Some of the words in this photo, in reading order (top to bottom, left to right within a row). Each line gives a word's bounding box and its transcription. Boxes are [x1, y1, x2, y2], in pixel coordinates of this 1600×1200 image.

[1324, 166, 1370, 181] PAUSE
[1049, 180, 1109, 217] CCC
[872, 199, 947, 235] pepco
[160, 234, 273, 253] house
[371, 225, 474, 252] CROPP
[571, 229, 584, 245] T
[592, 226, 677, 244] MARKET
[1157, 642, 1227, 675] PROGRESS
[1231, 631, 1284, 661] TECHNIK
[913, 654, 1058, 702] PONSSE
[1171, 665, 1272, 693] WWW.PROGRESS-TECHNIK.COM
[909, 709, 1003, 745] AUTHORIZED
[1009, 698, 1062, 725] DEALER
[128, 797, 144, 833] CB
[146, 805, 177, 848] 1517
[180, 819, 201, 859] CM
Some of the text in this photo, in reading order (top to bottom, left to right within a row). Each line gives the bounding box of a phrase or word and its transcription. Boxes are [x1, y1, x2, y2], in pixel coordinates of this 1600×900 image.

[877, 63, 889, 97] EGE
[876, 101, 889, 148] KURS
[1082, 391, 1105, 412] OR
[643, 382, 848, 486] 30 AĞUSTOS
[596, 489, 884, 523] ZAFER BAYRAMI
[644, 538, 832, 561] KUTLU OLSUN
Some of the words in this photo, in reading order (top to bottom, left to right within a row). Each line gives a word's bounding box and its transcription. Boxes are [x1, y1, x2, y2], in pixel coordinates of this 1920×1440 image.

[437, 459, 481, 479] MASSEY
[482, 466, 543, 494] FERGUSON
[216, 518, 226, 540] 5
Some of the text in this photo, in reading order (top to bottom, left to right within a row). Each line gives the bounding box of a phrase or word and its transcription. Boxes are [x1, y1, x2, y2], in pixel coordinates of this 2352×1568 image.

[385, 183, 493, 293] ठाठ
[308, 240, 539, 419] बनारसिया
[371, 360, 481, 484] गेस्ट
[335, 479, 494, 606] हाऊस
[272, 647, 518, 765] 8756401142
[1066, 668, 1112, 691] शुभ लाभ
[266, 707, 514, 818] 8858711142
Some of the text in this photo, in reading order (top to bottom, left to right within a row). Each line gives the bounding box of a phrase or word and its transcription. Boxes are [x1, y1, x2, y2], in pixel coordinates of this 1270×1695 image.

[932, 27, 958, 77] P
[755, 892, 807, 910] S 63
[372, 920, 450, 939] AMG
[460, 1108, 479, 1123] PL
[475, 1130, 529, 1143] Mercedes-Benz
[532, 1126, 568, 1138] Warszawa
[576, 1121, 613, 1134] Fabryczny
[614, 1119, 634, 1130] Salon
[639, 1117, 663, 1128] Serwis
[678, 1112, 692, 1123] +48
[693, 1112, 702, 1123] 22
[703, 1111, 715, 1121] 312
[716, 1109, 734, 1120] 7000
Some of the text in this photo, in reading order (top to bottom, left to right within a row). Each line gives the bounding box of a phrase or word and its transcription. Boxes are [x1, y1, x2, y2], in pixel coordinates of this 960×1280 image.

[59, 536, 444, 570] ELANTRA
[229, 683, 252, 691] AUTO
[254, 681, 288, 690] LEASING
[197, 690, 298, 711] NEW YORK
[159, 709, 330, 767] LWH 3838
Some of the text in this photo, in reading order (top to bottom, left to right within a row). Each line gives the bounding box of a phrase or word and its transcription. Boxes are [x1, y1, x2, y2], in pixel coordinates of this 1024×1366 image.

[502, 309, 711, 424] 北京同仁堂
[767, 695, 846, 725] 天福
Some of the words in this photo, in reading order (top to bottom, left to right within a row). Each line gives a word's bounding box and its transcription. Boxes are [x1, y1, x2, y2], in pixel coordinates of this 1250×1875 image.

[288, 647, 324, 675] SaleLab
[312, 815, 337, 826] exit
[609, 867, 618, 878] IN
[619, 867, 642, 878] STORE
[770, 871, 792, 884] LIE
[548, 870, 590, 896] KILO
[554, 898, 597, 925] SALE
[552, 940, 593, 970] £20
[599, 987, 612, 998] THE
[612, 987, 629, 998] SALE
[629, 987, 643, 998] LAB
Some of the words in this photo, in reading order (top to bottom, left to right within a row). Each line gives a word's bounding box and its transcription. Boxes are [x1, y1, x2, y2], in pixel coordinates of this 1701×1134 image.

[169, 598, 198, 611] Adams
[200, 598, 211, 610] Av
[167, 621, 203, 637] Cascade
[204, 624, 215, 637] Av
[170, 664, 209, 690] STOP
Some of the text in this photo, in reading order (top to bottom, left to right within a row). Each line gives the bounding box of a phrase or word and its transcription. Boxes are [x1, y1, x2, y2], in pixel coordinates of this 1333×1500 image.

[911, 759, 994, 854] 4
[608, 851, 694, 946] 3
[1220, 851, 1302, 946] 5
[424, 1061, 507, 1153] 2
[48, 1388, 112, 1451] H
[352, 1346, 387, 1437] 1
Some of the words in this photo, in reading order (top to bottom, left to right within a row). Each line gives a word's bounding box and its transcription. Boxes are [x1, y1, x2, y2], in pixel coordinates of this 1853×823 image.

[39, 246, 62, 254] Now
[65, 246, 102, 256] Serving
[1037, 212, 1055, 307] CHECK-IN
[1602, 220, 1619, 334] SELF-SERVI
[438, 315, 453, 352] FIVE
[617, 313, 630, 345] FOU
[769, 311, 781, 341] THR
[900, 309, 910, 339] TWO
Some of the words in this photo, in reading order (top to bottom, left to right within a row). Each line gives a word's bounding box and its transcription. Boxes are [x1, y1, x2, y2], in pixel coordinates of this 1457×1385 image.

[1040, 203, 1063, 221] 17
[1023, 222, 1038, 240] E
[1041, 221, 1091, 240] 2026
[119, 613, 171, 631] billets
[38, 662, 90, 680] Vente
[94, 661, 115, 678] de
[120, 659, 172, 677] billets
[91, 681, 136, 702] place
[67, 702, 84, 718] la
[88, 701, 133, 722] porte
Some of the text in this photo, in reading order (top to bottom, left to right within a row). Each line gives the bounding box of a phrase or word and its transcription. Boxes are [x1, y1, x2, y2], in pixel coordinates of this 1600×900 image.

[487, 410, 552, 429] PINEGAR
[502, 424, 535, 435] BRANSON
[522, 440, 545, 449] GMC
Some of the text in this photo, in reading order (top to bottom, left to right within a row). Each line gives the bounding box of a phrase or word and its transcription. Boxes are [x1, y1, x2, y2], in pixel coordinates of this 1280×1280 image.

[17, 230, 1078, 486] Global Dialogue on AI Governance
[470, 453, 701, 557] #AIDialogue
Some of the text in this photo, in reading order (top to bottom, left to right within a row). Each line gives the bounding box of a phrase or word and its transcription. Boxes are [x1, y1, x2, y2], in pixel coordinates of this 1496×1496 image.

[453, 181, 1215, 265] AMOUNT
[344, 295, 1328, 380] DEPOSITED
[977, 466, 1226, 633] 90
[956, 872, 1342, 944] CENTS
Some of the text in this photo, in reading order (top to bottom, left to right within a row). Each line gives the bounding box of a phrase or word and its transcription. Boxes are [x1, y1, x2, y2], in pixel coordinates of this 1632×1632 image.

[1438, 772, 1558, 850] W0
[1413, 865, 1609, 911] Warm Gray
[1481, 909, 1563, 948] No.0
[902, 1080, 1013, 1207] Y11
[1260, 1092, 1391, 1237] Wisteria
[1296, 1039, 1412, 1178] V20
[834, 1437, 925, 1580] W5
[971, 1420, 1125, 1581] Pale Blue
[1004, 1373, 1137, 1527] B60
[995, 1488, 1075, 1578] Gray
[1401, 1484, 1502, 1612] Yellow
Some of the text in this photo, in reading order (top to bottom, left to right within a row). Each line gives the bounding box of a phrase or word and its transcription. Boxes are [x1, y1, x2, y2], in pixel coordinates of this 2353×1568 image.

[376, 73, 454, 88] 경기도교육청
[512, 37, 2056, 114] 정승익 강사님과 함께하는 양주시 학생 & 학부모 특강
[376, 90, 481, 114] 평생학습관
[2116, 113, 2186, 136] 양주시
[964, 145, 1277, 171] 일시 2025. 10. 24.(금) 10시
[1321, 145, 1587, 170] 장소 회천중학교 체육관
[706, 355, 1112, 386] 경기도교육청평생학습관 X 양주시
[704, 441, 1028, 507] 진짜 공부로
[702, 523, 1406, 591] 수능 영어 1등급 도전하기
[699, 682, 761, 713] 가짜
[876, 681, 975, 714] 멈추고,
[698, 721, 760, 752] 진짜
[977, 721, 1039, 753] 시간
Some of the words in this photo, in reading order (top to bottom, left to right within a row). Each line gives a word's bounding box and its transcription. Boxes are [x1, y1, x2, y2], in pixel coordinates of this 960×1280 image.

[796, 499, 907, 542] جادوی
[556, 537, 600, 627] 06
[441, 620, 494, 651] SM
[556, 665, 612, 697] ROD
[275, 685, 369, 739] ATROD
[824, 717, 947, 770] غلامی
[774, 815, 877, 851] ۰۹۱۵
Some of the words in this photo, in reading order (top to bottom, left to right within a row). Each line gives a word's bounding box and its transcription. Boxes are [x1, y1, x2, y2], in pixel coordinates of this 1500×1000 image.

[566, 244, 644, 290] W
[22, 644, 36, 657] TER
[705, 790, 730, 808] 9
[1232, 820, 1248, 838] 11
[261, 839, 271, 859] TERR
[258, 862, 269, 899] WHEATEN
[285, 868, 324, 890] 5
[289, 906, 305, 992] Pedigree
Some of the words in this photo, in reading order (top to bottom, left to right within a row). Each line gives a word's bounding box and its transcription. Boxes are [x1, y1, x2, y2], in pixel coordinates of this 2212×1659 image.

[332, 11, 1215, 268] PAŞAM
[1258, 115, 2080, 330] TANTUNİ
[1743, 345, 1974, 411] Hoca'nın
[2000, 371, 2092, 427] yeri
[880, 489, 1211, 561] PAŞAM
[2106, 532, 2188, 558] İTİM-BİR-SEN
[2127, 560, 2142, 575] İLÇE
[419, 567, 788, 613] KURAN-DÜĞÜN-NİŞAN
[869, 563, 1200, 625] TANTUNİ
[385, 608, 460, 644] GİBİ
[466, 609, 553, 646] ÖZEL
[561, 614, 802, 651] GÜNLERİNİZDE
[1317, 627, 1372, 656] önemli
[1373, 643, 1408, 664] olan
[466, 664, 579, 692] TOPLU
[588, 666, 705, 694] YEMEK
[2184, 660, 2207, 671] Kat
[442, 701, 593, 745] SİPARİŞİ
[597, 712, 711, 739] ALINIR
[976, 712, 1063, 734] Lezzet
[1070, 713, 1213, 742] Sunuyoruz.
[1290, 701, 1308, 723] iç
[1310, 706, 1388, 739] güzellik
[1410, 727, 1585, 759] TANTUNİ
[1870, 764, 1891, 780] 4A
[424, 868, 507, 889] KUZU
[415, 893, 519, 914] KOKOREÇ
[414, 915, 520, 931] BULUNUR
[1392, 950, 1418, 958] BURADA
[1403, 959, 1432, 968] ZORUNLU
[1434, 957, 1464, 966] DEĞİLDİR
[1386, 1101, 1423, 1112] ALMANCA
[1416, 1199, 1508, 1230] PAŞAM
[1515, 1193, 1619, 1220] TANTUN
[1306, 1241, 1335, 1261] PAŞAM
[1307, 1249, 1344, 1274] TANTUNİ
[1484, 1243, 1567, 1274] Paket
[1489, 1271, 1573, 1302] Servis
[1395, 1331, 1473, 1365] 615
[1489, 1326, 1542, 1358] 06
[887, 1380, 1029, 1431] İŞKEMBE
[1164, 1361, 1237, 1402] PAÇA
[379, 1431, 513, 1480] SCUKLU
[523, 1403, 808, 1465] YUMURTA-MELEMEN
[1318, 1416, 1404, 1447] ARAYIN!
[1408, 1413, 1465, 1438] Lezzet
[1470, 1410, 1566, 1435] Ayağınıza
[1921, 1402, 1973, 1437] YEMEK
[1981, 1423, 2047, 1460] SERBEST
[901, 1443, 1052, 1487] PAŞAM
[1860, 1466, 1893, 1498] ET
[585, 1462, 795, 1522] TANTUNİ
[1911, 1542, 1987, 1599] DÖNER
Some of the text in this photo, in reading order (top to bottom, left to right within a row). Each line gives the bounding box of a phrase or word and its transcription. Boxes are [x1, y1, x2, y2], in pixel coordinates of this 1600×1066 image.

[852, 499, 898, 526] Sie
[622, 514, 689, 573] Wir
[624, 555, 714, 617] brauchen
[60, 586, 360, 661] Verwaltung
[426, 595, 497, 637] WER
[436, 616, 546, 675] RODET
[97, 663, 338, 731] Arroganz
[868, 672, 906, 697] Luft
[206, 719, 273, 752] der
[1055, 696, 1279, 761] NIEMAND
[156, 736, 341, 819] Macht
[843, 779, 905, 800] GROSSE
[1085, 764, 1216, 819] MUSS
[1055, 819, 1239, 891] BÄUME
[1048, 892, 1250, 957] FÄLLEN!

TASK -
From the line holding "this 1600×1066 image." through the last line above, reproduce each line exactly and add nothing.

RESULT FOR THIS TASK -
Some of the text in this photo, in reading order (top to bottom, left to right within a row). Each line gives the bounding box of a phrase or word and its transcription. Boxes are [x1, y1, x2, y2], in pixel coordinates of this 1600×1066 image.

[852, 499, 898, 526] Sie
[622, 514, 689, 573] Wir
[624, 555, 714, 617] brauchen
[60, 586, 360, 661] Verwaltung
[426, 595, 497, 637] WER
[436, 616, 546, 675] RODET
[97, 663, 338, 731] Arroganz
[868, 672, 906, 697] Luft
[206, 719, 273, 752] der
[1055, 696, 1279, 761] NIEMAND
[156, 736, 341, 819] Macht
[843, 779, 905, 800] GROSSE
[1085, 764, 1216, 819] MUSS
[1055, 819, 1239, 891] BÄUME
[1048, 892, 1250, 957] FÄLLEN!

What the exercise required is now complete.